During the financial meltdown, for instance, LaRoe says many businesses stayed open way longer than they should have and continued to make payroll even though revenue streams had ceased.
“Another common one we see is concentrating on too few customers. It’s a classic thing, relying on Disney or WalMart or any big buyer.” For instance, First Green Bank has had several customers in the nursery business that supplied the big box stores. “When those stores changed direction, decided they didn’t want that product, or wanted it cheaper or shipped differently, the nurseries just hung in there. Home Depot requires them to reduce their price 10 percent, and then a month later cut 2 percent more. They should have bailed out at 10 percent.” The lesson, he says, is don’t put all your eggs in one basket, or even two large baskets.
A small business has the best chance of success—and therefore of securing a loan—any time they can deliver a product that’s unique from competitors, LaRoe points out. “We have one nursery operator who developed a variety of a northern plant that will grow in the south. It’s not available from suppliers up north. It’s some way to distinguish yourself from competition.”

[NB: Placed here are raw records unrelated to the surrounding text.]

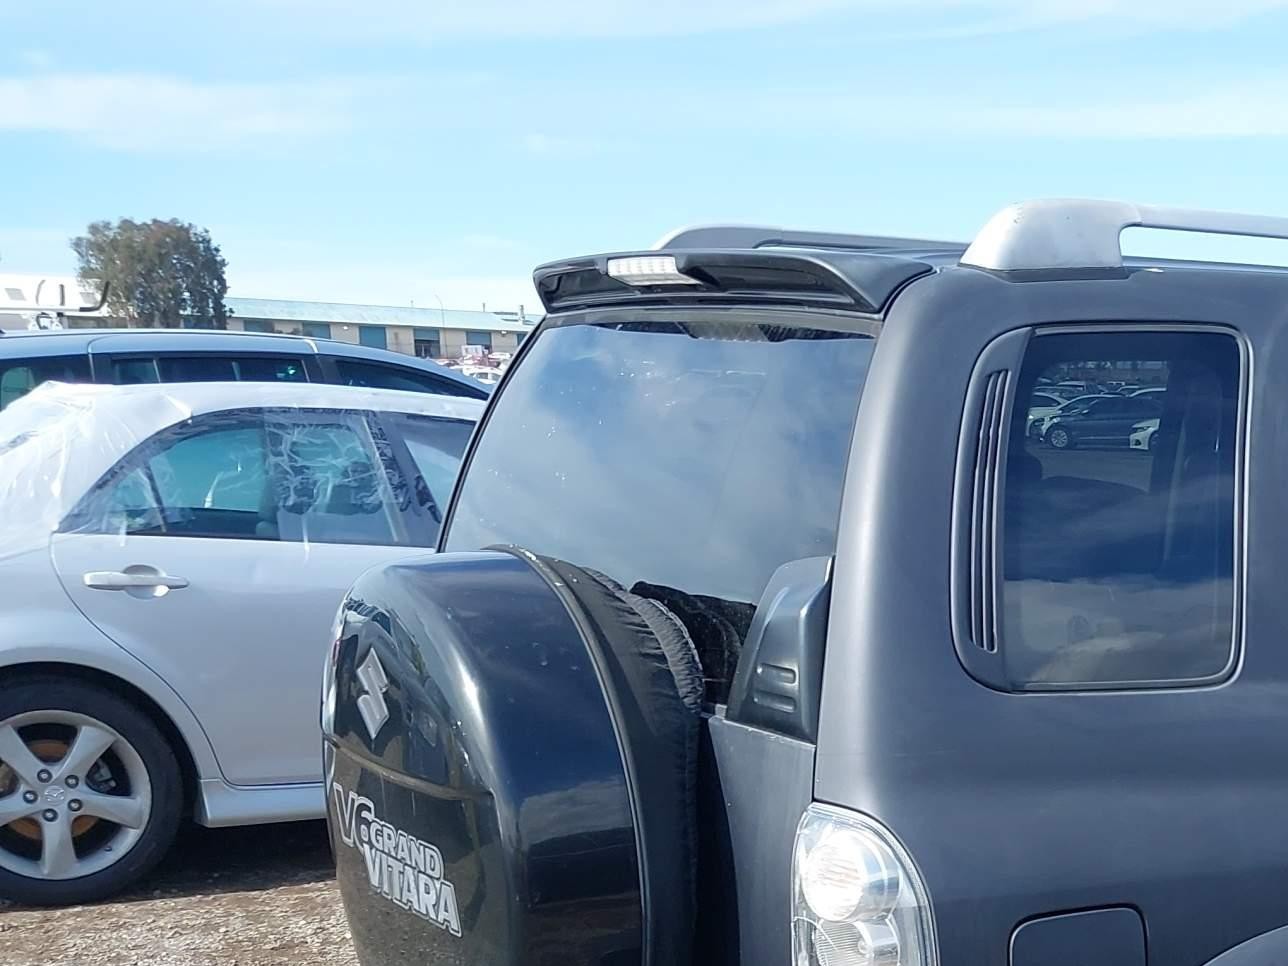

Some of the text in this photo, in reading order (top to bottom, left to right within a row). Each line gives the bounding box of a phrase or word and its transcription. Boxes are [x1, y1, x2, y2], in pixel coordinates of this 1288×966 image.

[333, 783, 374, 854] V6
[367, 819, 444, 880] GRAND
[363, 843, 461, 936] VITARA
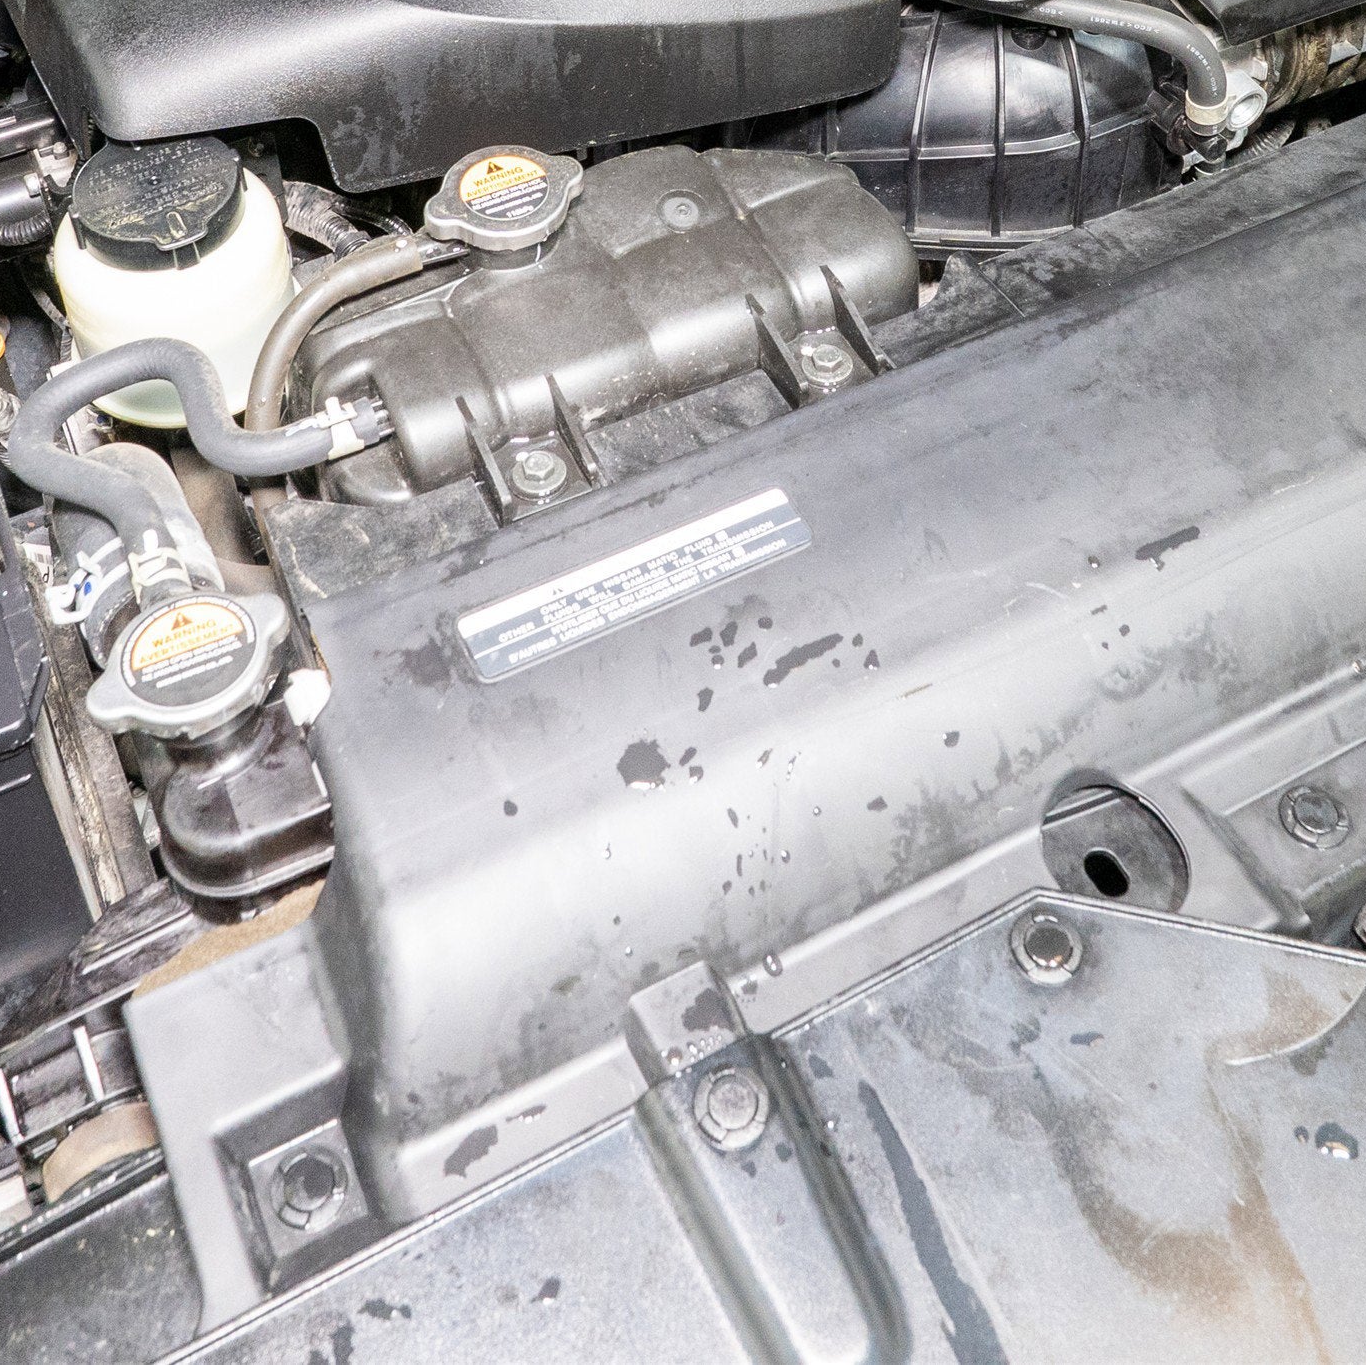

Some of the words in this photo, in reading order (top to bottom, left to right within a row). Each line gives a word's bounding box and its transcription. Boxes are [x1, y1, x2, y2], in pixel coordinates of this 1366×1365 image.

[466, 169, 539, 198] AVERTISSEMENT
[473, 166, 524, 188] WARNING
[539, 597, 567, 616] ONLY
[602, 567, 642, 589] NISSAN
[646, 551, 679, 571] MATIC
[683, 537, 713, 555] FLUID
[498, 621, 536, 643] OTHER
[587, 588, 615, 605] WILL
[621, 566, 666, 591] DAMAGE
[672, 553, 695, 568] THE
[152, 621, 217, 648] WARNING
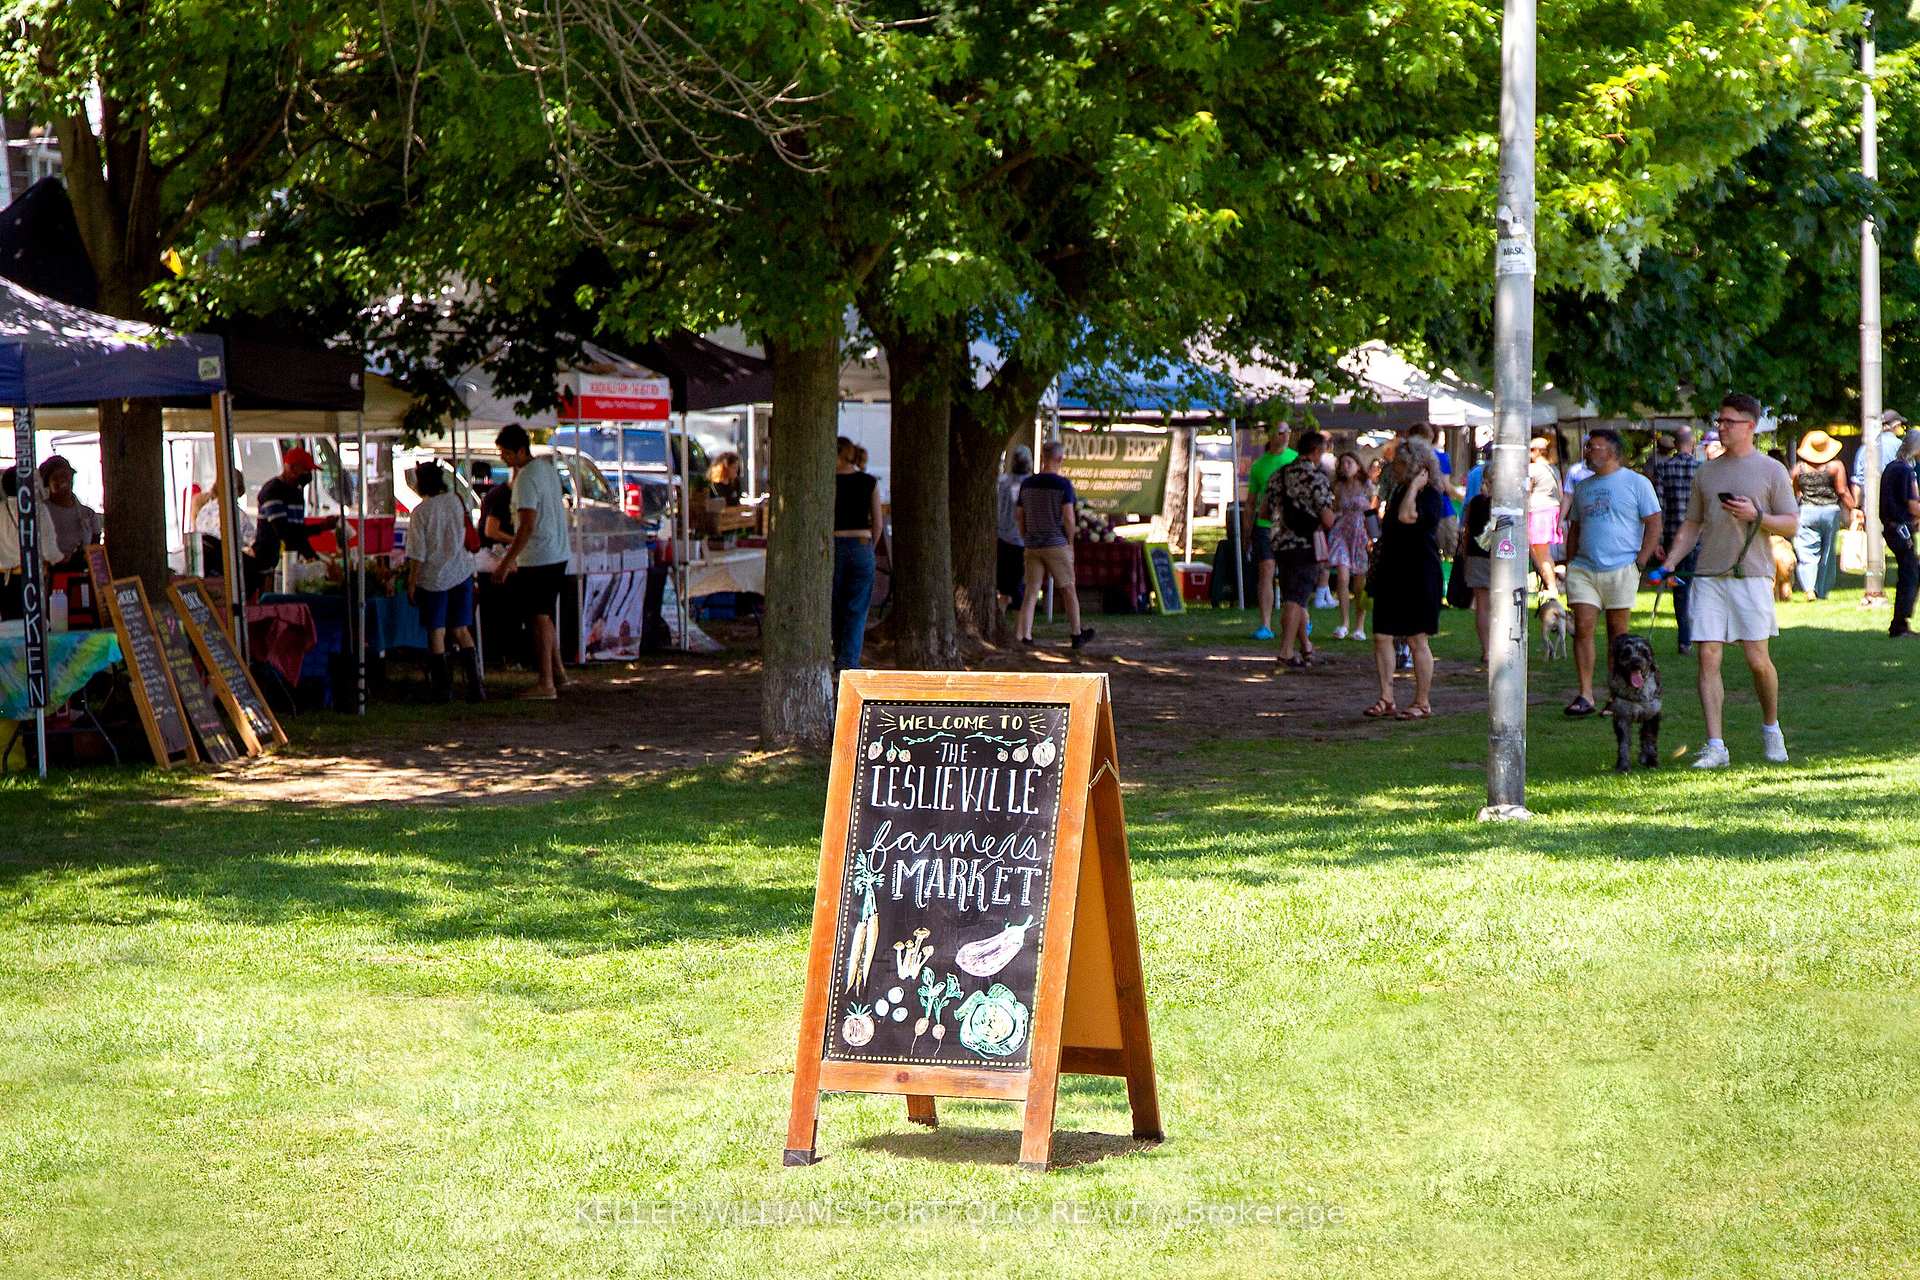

As for weathering the recession, LaRoe says that among the many local contractors he serves, “the only ones who made it were the ones who stashed a lot of cash away when times were good. We have many instances of contractors who spent their money on a new boat, a new four-wheel drive truck, new jetskis, and the minute the economy turned they were buried and couldn’t make the payments.”
On the other hand, the contractors who survived are “busting wide open” now, he says. “They remained viable and they still had a phone number when someone called and decided to build a new house.”